# SUPPLIED DATA:
━━━━
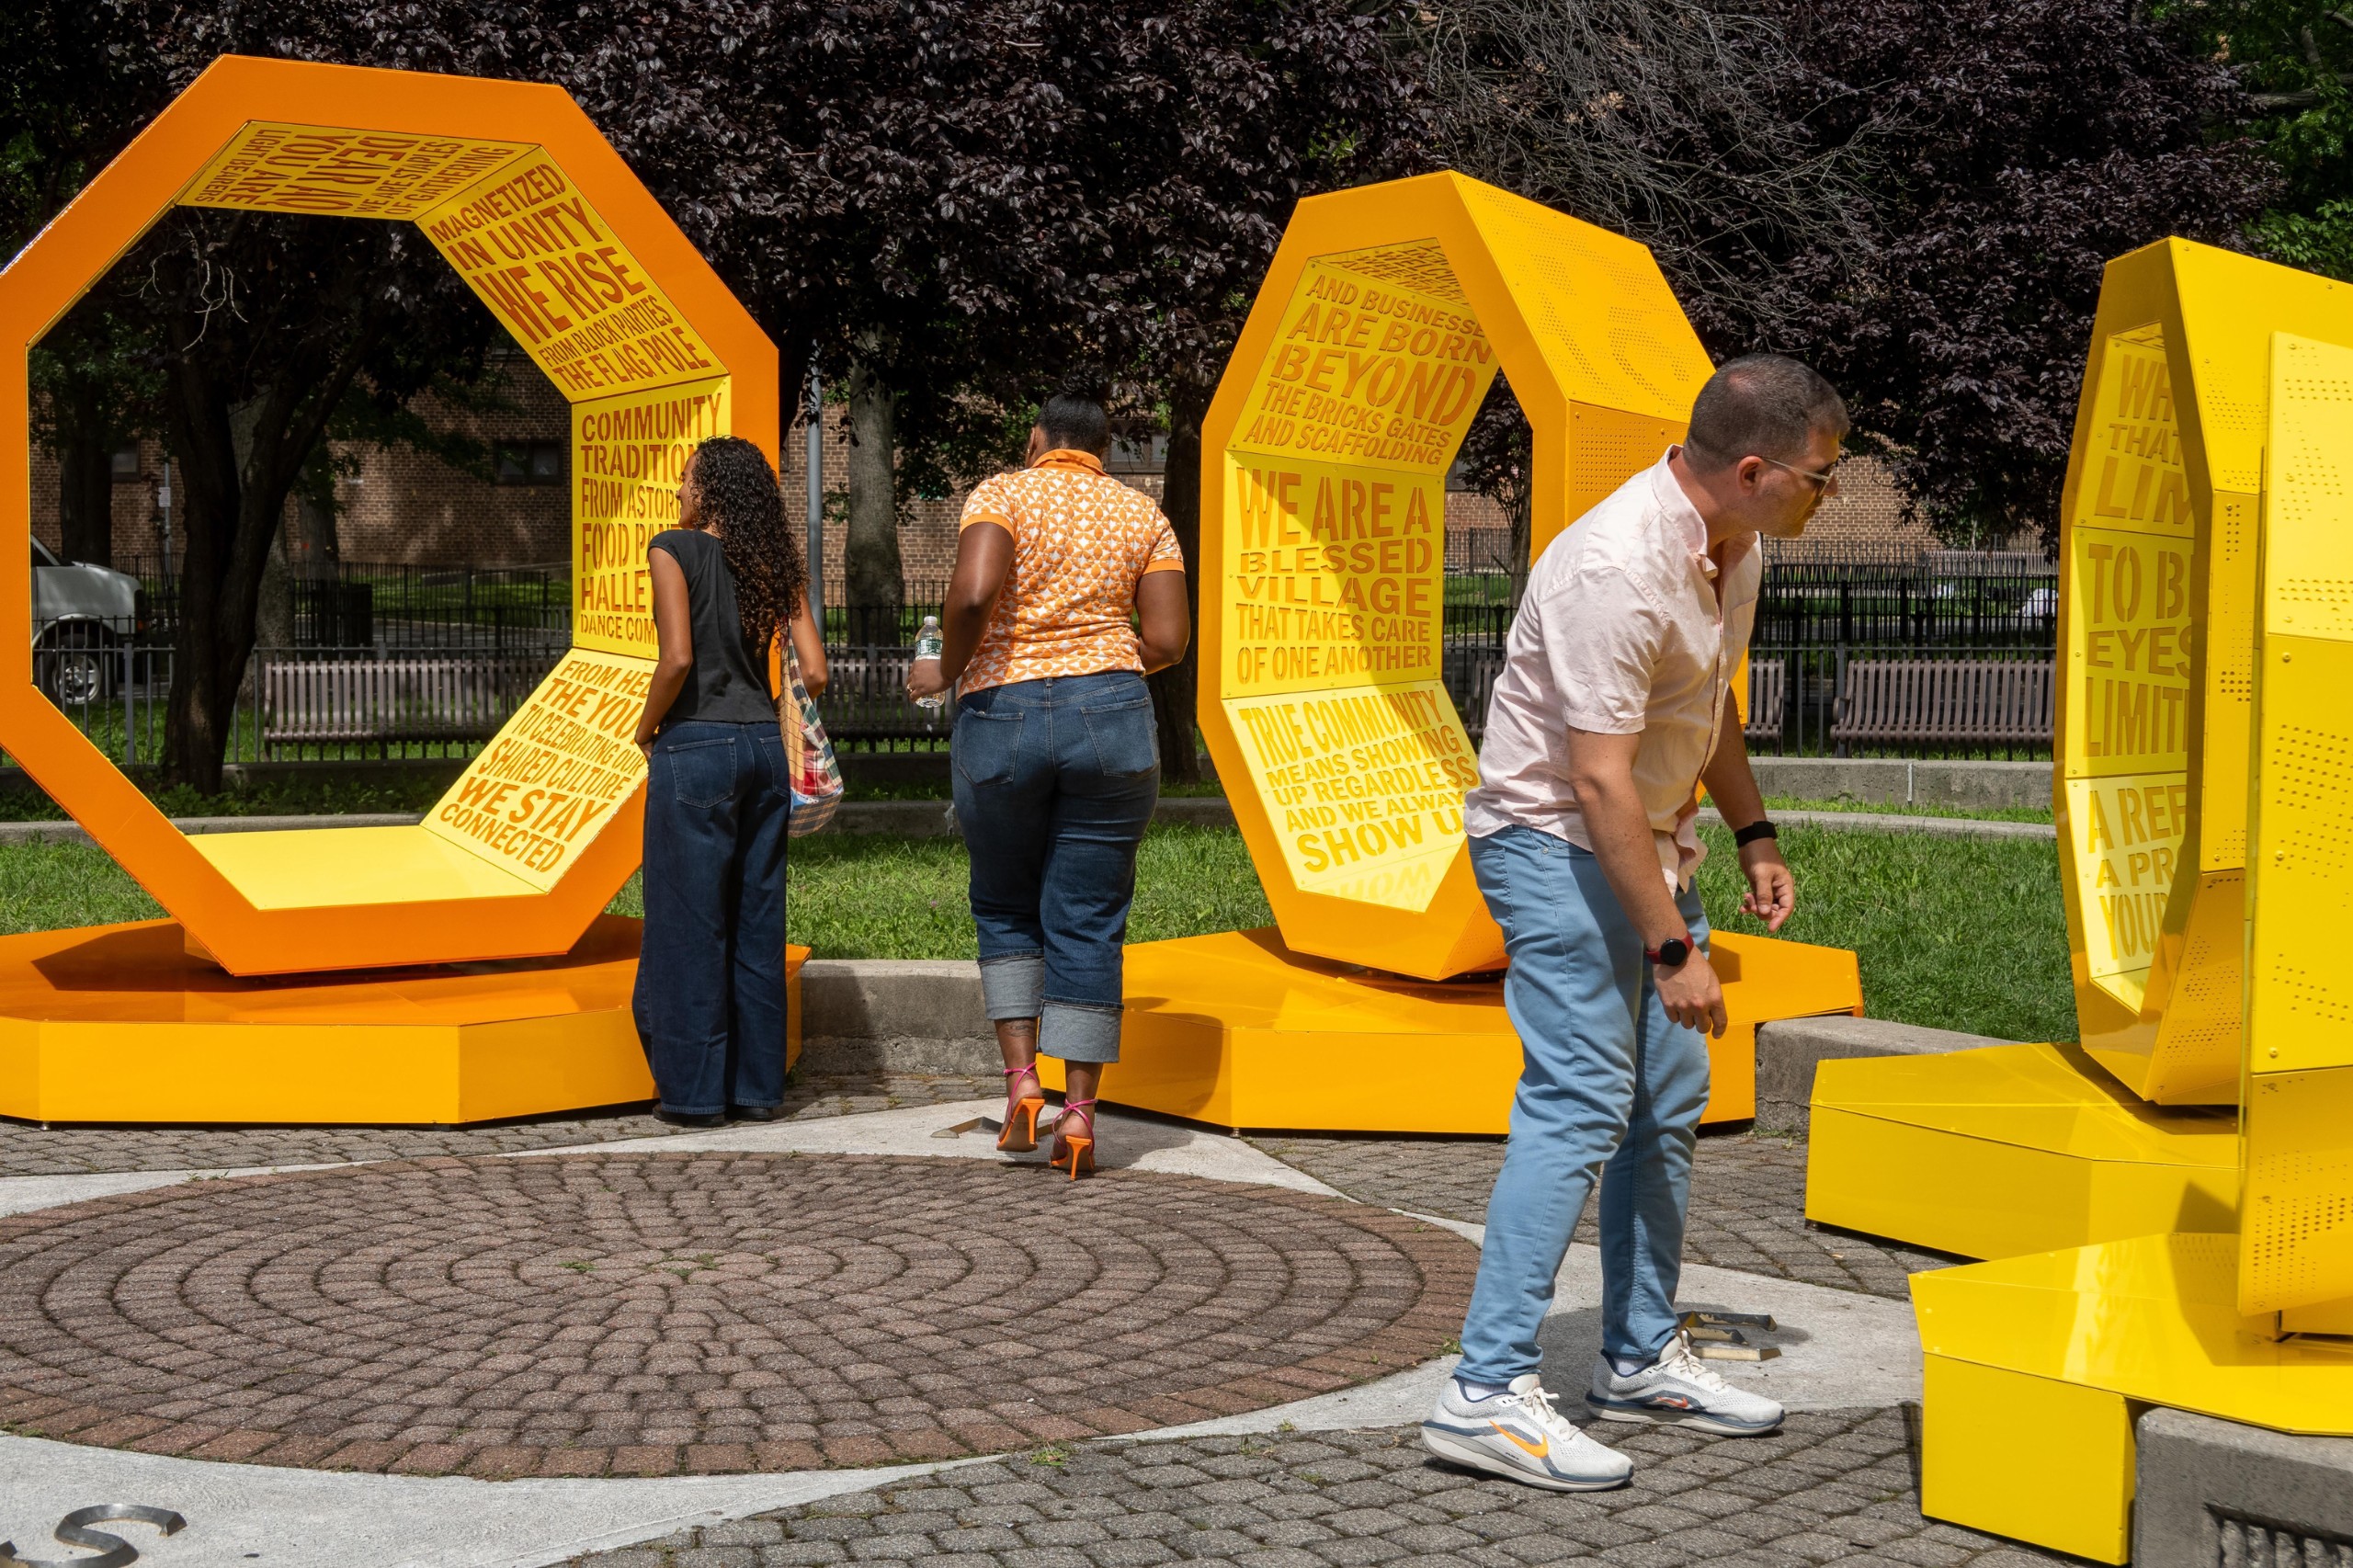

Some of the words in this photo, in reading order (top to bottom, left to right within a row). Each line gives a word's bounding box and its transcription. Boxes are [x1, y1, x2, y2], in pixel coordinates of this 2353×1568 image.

[236, 129, 293, 158] LIGHT
[265, 134, 359, 167] YOU
[295, 135, 420, 185] DEAR
[391, 142, 464, 180] STAPLES
[194, 158, 258, 202] BEARERS
[217, 169, 292, 205] ARE
[371, 179, 414, 199] ARE
[384, 201, 418, 215] OF
[404, 146, 517, 201] GATHERING
[428, 164, 566, 244] MAGNETIZED
[353, 199, 390, 212] WE
[447, 236, 496, 271] IN
[486, 197, 603, 260] UNITY
[472, 265, 574, 345] WE
[535, 246, 647, 321] RISE
[1306, 274, 1358, 305] AND
[538, 337, 582, 367] FROM
[571, 317, 623, 354] BLOCK
[608, 294, 674, 339] PARTIES
[1287, 302, 1379, 348] ARE
[1379, 322, 1494, 365] BORN
[551, 358, 605, 392] THE
[588, 343, 657, 385] FLAG
[637, 326, 711, 375] POLE
[1270, 344, 1476, 426] BEYOND
[582, 392, 722, 442] COMMUNITY
[1243, 415, 1295, 447] AND
[1295, 423, 1443, 465] SCAFFOLDING
[1260, 381, 1306, 416] THE
[1302, 392, 1385, 434] BRICKS
[1386, 416, 1452, 449] GATES
[581, 477, 623, 518] FROM
[1236, 467, 1302, 550] WE
[1310, 476, 1394, 543] ARE
[1403, 486, 1432, 535] A
[582, 522, 630, 572] FOOD
[635, 523, 679, 566] PA
[1240, 538, 1433, 574] BLESSED
[581, 568, 654, 613] HALLE
[1236, 575, 1432, 619] VILLAGE
[2087, 543, 2142, 624] TO
[2155, 551, 2194, 620] B
[581, 613, 623, 640] DANCE
[626, 617, 659, 646] COM
[1235, 603, 1291, 641] THAT
[1295, 608, 1365, 642] TAKES
[1371, 617, 1431, 642] CARE
[560, 660, 618, 687] FROM
[1236, 646, 1267, 685] OF
[1272, 645, 1320, 681] ONE
[1324, 645, 1431, 676] ANOTHER
[540, 677, 599, 718] THE
[585, 692, 642, 745] YOU
[1238, 703, 1314, 768] TRUE
[1302, 689, 1443, 753] COMMUNITY
[512, 703, 544, 736] TO
[529, 711, 620, 766] CELEBRATING
[612, 748, 647, 777] OUR
[1266, 754, 1349, 789] MEANS
[1351, 724, 1462, 772] SHOWING
[478, 737, 559, 784] SHARED
[546, 758, 631, 801] CULTURE
[1272, 785, 1308, 807] UP
[1313, 756, 1479, 803] REGARDLESS
[457, 777, 520, 815] WE
[508, 789, 609, 843] STAY
[1285, 806, 1337, 833] AND
[1338, 801, 1386, 824] WE
[1387, 790, 1467, 816] ALWAY
[2088, 790, 2115, 854] A
[439, 802, 565, 873] CONNECTED
[1296, 814, 1424, 873] SHOW
[1431, 806, 1467, 835] U
[2096, 858, 2121, 889] A
[2128, 846, 2182, 887] PR
━━━━
# EXERCISE DESCRIPTION:
Transcribe the whole listing above exactly and leave out the pictures.

# RESULT FOR THIS EXERCISE:
Some of the words in this photo, in reading order (top to bottom, left to right within a row). Each line gives a word's bounding box and its transcription. Boxes are [x1, y1, x2, y2], in pixel coordinates of this 2353×1568 image.

[236, 129, 293, 158] LIGHT
[265, 134, 359, 167] YOU
[295, 135, 420, 185] DEAR
[391, 142, 464, 180] STAPLES
[194, 158, 258, 202] BEARERS
[217, 169, 292, 205] ARE
[371, 179, 414, 199] ARE
[384, 201, 418, 215] OF
[404, 146, 517, 201] GATHERING
[428, 164, 566, 244] MAGNETIZED
[353, 199, 390, 212] WE
[447, 236, 496, 271] IN
[486, 197, 603, 260] UNITY
[472, 265, 574, 345] WE
[535, 246, 647, 321] RISE
[1306, 274, 1358, 305] AND
[538, 337, 582, 367] FROM
[571, 317, 623, 354] BLOCK
[608, 294, 674, 339] PARTIES
[1287, 302, 1379, 348] ARE
[1379, 322, 1494, 365] BORN
[551, 358, 605, 392] THE
[588, 343, 657, 385] FLAG
[637, 326, 711, 375] POLE
[1270, 344, 1476, 426] BEYOND
[582, 392, 722, 442] COMMUNITY
[1243, 415, 1295, 447] AND
[1295, 423, 1443, 465] SCAFFOLDING
[1260, 381, 1306, 416] THE
[1302, 392, 1385, 434] BRICKS
[1386, 416, 1452, 449] GATES
[581, 477, 623, 518] FROM
[1236, 467, 1302, 550] WE
[1310, 476, 1394, 543] ARE
[1403, 486, 1432, 535] A
[582, 522, 630, 572] FOOD
[635, 523, 679, 566] PA
[1240, 538, 1433, 574] BLESSED
[581, 568, 654, 613] HALLE
[1236, 575, 1432, 619] VILLAGE
[2087, 543, 2142, 624] TO
[2155, 551, 2194, 620] B
[581, 613, 623, 640] DANCE
[626, 617, 659, 646] COM
[1235, 603, 1291, 641] THAT
[1295, 608, 1365, 642] TAKES
[1371, 617, 1431, 642] CARE
[560, 660, 618, 687] FROM
[1236, 646, 1267, 685] OF
[1272, 645, 1320, 681] ONE
[1324, 645, 1431, 676] ANOTHER
[540, 677, 599, 718] THE
[585, 692, 642, 745] YOU
[1238, 703, 1314, 768] TRUE
[1302, 689, 1443, 753] COMMUNITY
[512, 703, 544, 736] TO
[529, 711, 620, 766] CELEBRATING
[612, 748, 647, 777] OUR
[1266, 754, 1349, 789] MEANS
[1351, 724, 1462, 772] SHOWING
[478, 737, 559, 784] SHARED
[546, 758, 631, 801] CULTURE
[1272, 785, 1308, 807] UP
[1313, 756, 1479, 803] REGARDLESS
[457, 777, 520, 815] WE
[508, 789, 609, 843] STAY
[1285, 806, 1337, 833] AND
[1338, 801, 1386, 824] WE
[1387, 790, 1467, 816] ALWAY
[2088, 790, 2115, 854] A
[439, 802, 565, 873] CONNECTED
[1296, 814, 1424, 873] SHOW
[1431, 806, 1467, 835] U
[2096, 858, 2121, 889] A
[2128, 846, 2182, 887] PR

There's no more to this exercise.